Your objective
Every line of the listing below should come back exactly as written, with no images.

Provided records
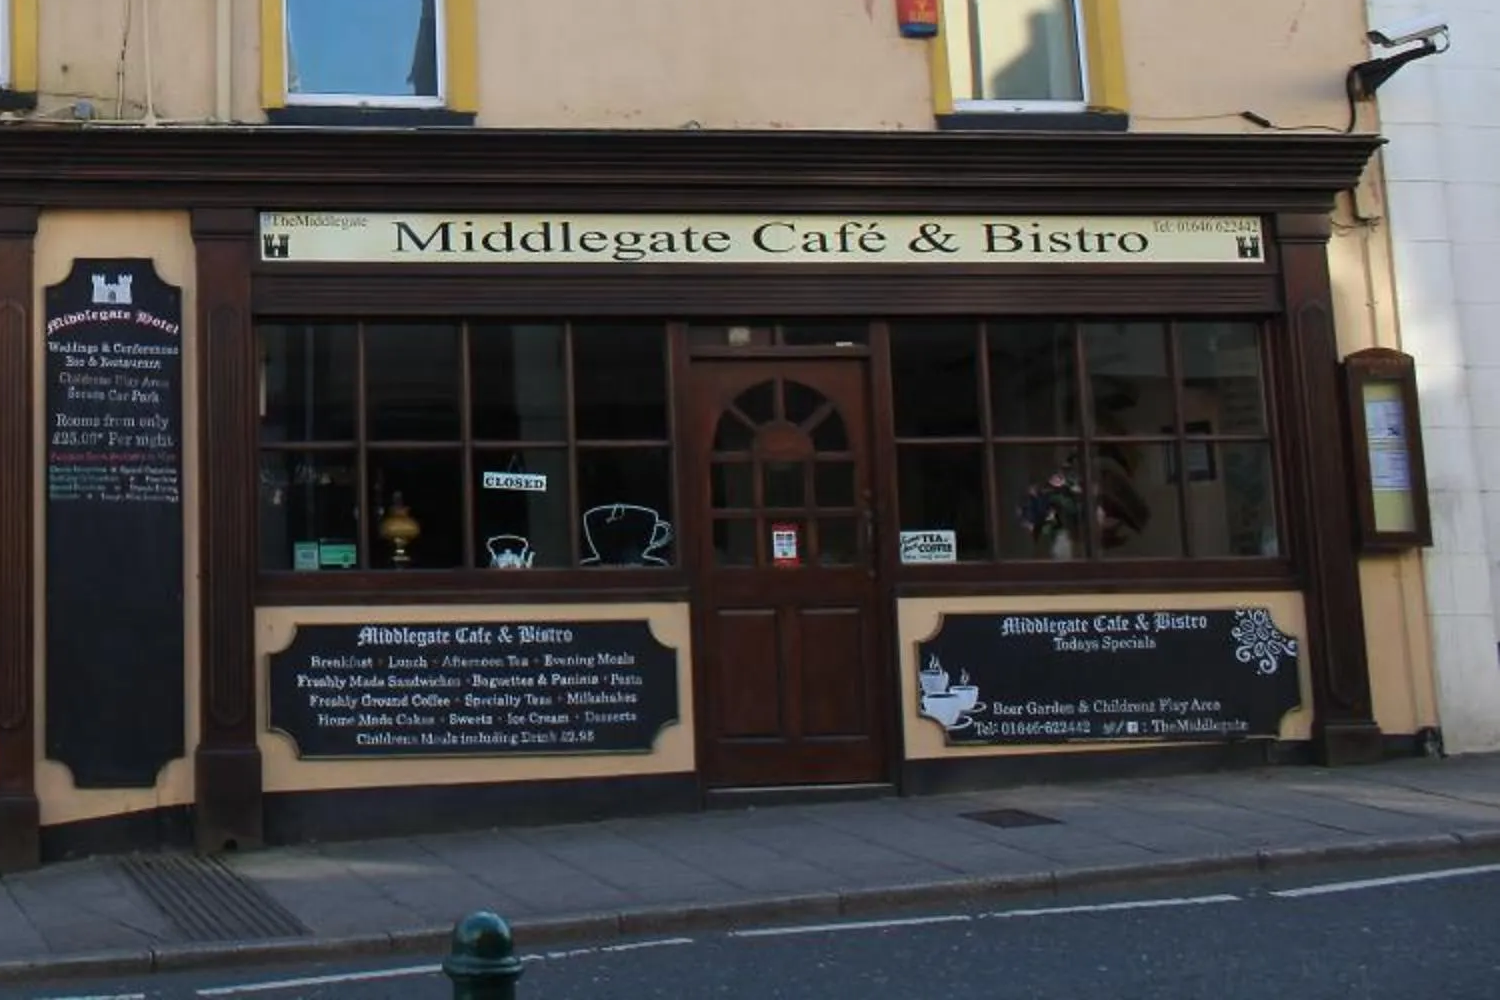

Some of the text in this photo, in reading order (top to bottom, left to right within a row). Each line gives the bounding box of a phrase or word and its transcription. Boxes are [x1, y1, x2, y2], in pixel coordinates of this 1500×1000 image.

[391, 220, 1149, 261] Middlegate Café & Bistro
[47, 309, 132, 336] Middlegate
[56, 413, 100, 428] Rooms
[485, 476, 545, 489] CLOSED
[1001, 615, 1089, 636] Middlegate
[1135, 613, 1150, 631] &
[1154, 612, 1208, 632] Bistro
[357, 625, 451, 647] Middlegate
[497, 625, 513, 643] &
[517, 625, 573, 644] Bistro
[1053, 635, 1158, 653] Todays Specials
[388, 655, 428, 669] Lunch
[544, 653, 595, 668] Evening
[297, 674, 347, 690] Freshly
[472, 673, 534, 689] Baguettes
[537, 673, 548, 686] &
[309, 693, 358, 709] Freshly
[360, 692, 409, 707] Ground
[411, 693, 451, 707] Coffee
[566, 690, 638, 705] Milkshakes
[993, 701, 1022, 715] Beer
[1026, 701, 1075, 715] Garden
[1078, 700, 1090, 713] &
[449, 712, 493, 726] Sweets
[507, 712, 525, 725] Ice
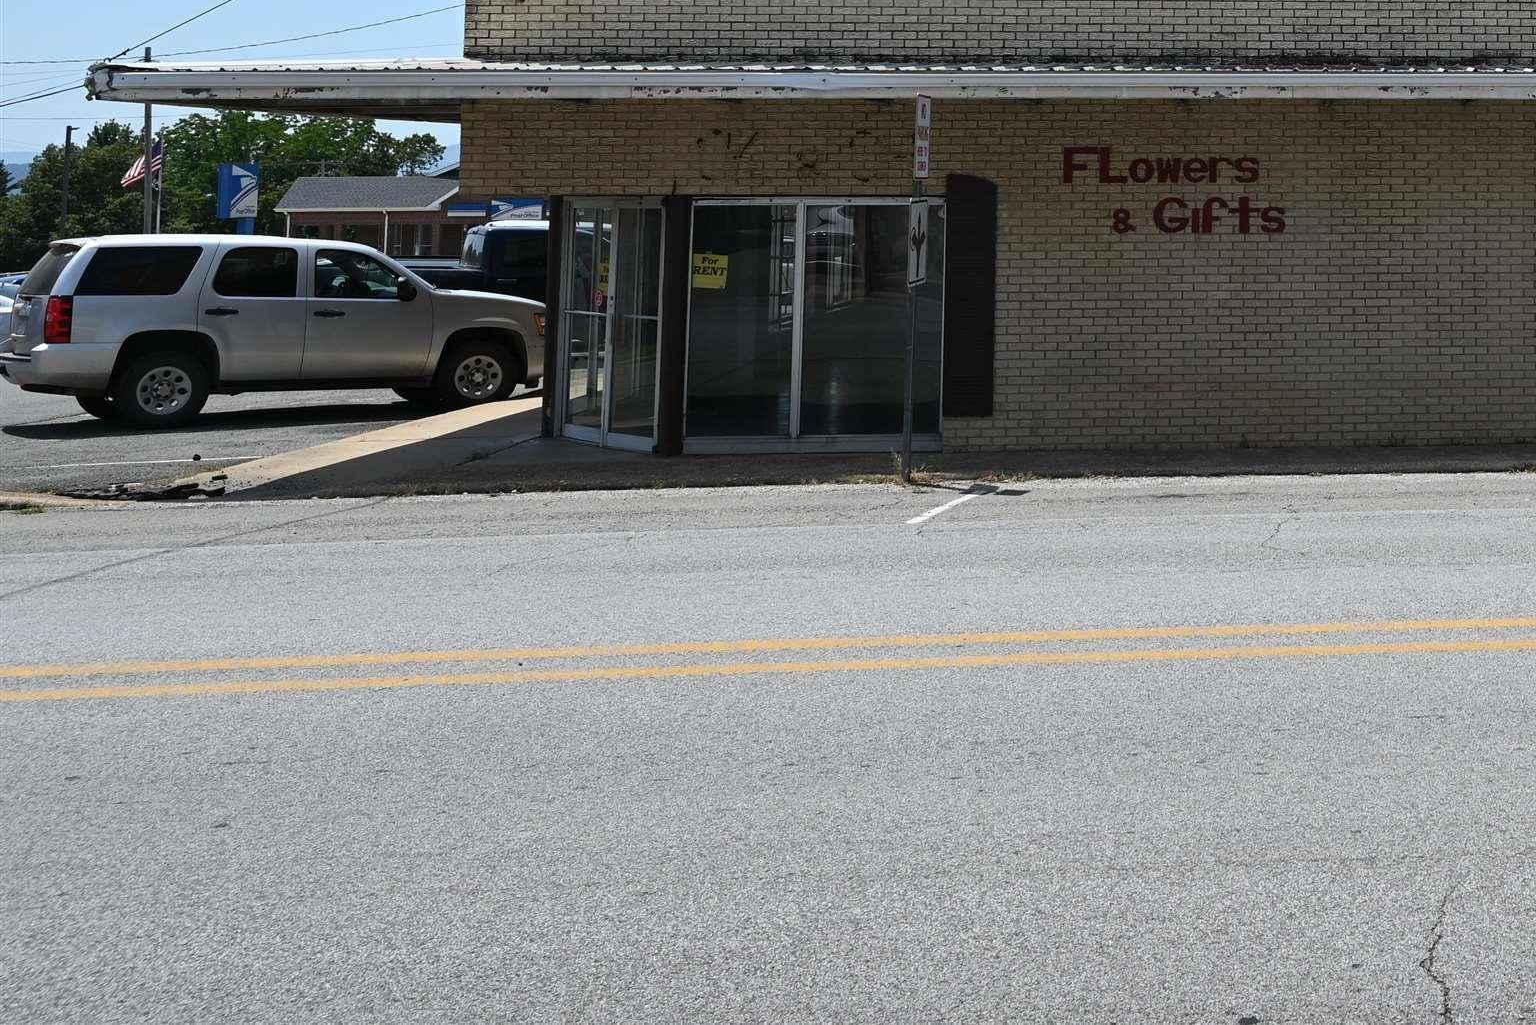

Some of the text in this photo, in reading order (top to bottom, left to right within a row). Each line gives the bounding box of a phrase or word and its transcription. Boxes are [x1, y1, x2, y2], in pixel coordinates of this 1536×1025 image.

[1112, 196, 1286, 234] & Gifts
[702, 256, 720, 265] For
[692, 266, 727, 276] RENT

Result of the task
Some of the text in this photo, in reading order (top to bottom, left to right within a row). Each line gives the bounding box of a phrase or word and its transcription. Boxes are [x1, y1, x2, y2], in pixel coordinates of this 1500×1000 image.

[391, 220, 1149, 261] Middlegate Café & Bistro
[47, 309, 132, 336] Middlegate
[56, 413, 100, 428] Rooms
[485, 476, 545, 489] CLOSED
[1001, 615, 1089, 636] Middlegate
[1135, 613, 1150, 631] &
[1154, 612, 1208, 632] Bistro
[357, 625, 451, 647] Middlegate
[497, 625, 513, 643] &
[517, 625, 573, 644] Bistro
[1053, 635, 1158, 653] Todays Specials
[388, 655, 428, 669] Lunch
[544, 653, 595, 668] Evening
[297, 674, 347, 690] Freshly
[472, 673, 534, 689] Baguettes
[537, 673, 548, 686] &
[309, 693, 358, 709] Freshly
[360, 692, 409, 707] Ground
[411, 693, 451, 707] Coffee
[566, 690, 638, 705] Milkshakes
[993, 701, 1022, 715] Beer
[1026, 701, 1075, 715] Garden
[1078, 700, 1090, 713] &
[449, 712, 493, 726] Sweets
[507, 712, 525, 725] Ice

Some of the text in this photo, in reading order (top to bottom, left to right within a row). Each line gives the bounding box of a phrase or word and its transcription. Boxes are [x1, y1, x2, y2], in pixel coordinates of this 1536×1025 image.

[1112, 196, 1286, 234] & Gifts
[702, 256, 720, 265] For
[692, 266, 727, 276] RENT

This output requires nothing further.